(EXERCISE DATA begins)

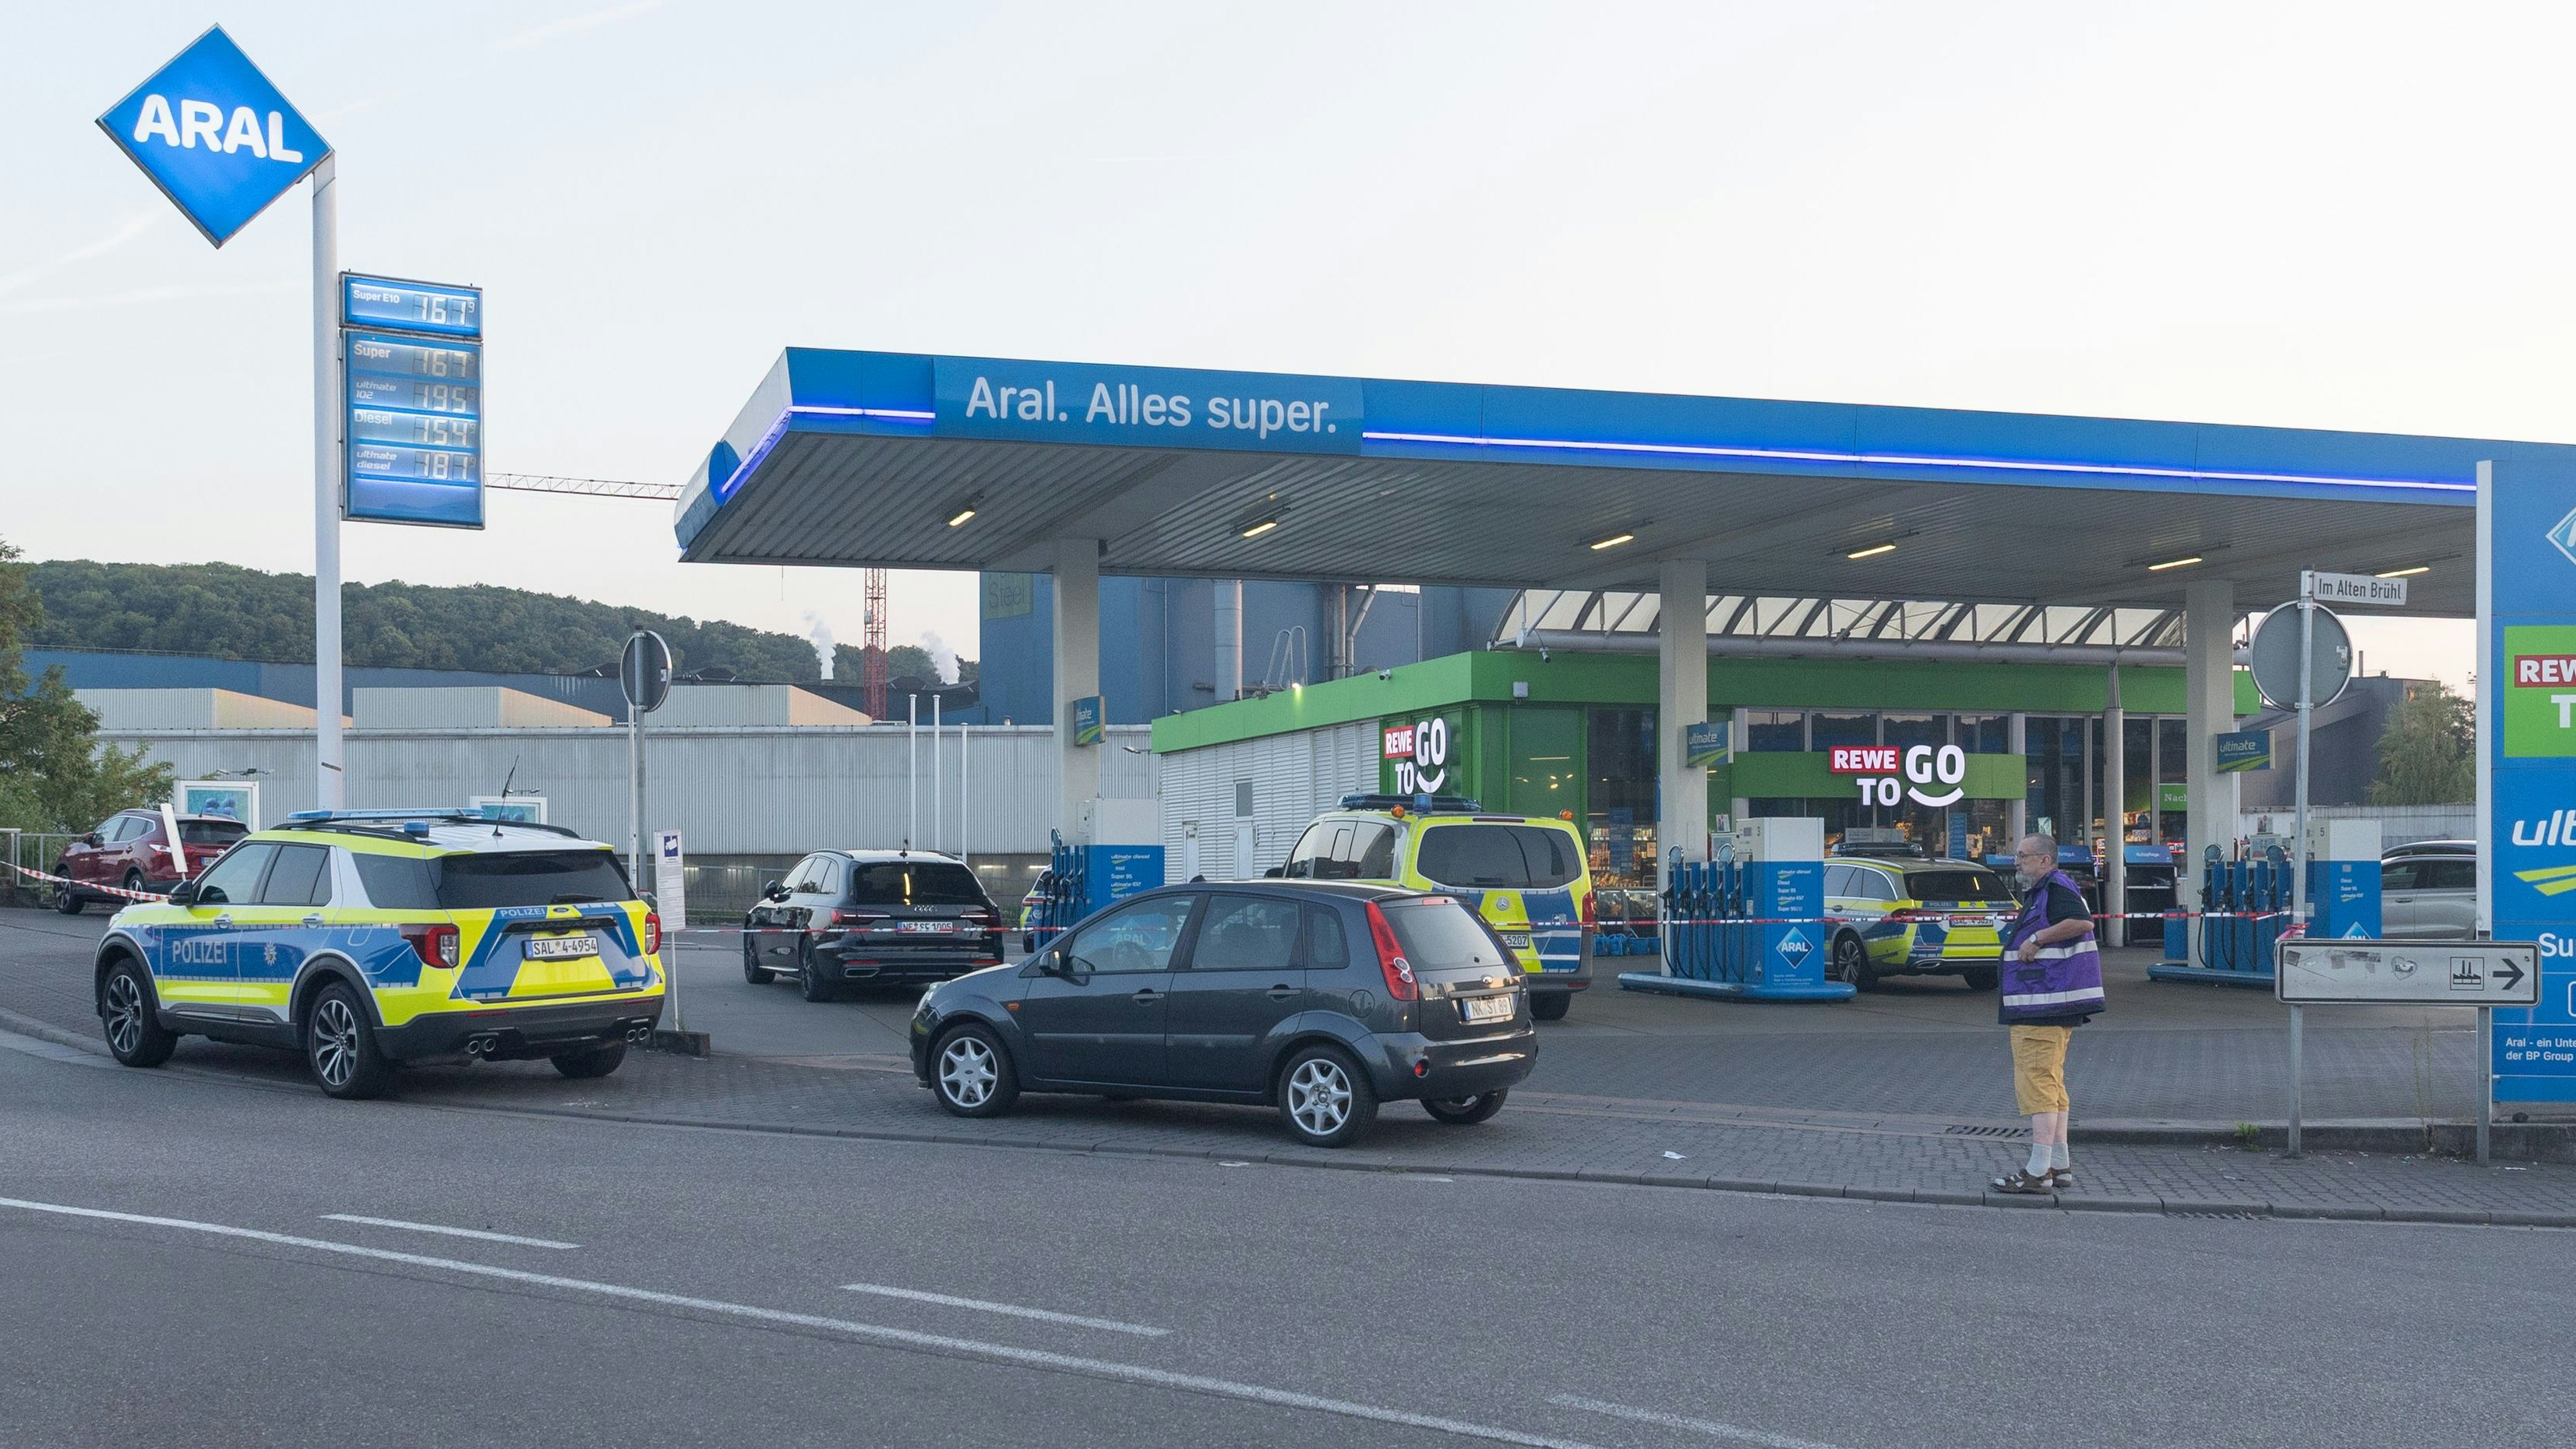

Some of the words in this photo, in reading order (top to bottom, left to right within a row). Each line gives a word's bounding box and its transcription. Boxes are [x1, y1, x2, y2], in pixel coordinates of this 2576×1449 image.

[133, 93, 303, 164] ARAL
[353, 290, 382, 301] Super
[383, 295, 400, 304] E10
[354, 344, 391, 359] Super
[356, 381, 397, 392] ultimate
[356, 390, 373, 400] 102
[966, 376, 1067, 422] Aral.
[1086, 383, 1191, 427] Alles
[1208, 397, 1336, 439] super.
[354, 411, 393, 425] Diesel
[357, 450, 397, 461] ultimate
[356, 462, 390, 471] diesel
[2319, 578, 2333, 595] Im
[2337, 580, 2366, 598] Alten
[2370, 581, 2401, 600] Brühl
[1385, 729, 1413, 755] REWE
[1416, 717, 1446, 767] GO
[1689, 729, 1717, 745] ultimate
[2220, 739, 2256, 753] ultimate
[1834, 749, 1897, 770] REWE
[1905, 744, 1965, 784] GO
[1395, 761, 1414, 795] TO
[1856, 777, 1901, 807] TO
[2320, 827, 2325, 837] 5
[499, 908, 545, 917] POLIZEI
[172, 940, 228, 964] POLIZEI
[534, 941, 555, 955] SAL
[563, 940, 597, 953] 4-4954
[1781, 942, 1808, 953] ARAL
[2539, 933, 2576, 957] Su
[2506, 1038, 2526, 1047] Aral
[2536, 1038, 2552, 1047] ein
[2506, 1052, 2523, 1060] der
[2526, 1052, 2540, 1060] BP
[2543, 1052, 2574, 1062] Group

(EXERCISE DATA ends)

• _GOAL OF THE EXERCISE_
Every entry above is to be repeated word for word, with all pictures omitted.

• _EXERCISE RESULT_
Some of the words in this photo, in reading order (top to bottom, left to right within a row). Each line gives a word's bounding box and its transcription. Boxes are [x1, y1, x2, y2], in pixel coordinates of this 2576×1449 image.

[133, 93, 303, 164] ARAL
[353, 290, 382, 301] Super
[383, 295, 400, 304] E10
[354, 344, 391, 359] Super
[356, 381, 397, 392] ultimate
[356, 390, 373, 400] 102
[966, 376, 1067, 422] Aral.
[1086, 383, 1191, 427] Alles
[1208, 397, 1336, 439] super.
[354, 411, 393, 425] Diesel
[357, 450, 397, 461] ultimate
[356, 462, 390, 471] diesel
[2319, 578, 2333, 595] Im
[2337, 580, 2366, 598] Alten
[2370, 581, 2401, 600] Brühl
[1385, 729, 1413, 755] REWE
[1416, 717, 1446, 767] GO
[1689, 729, 1717, 745] ultimate
[2220, 739, 2256, 753] ultimate
[1834, 749, 1897, 770] REWE
[1905, 744, 1965, 784] GO
[1395, 761, 1414, 795] TO
[1856, 777, 1901, 807] TO
[2320, 827, 2325, 837] 5
[499, 908, 545, 917] POLIZEI
[172, 940, 228, 964] POLIZEI
[534, 941, 555, 955] SAL
[563, 940, 597, 953] 4-4954
[1781, 942, 1808, 953] ARAL
[2539, 933, 2576, 957] Su
[2506, 1038, 2526, 1047] Aral
[2536, 1038, 2552, 1047] ein
[2506, 1052, 2523, 1060] der
[2526, 1052, 2540, 1060] BP
[2543, 1052, 2574, 1062] Group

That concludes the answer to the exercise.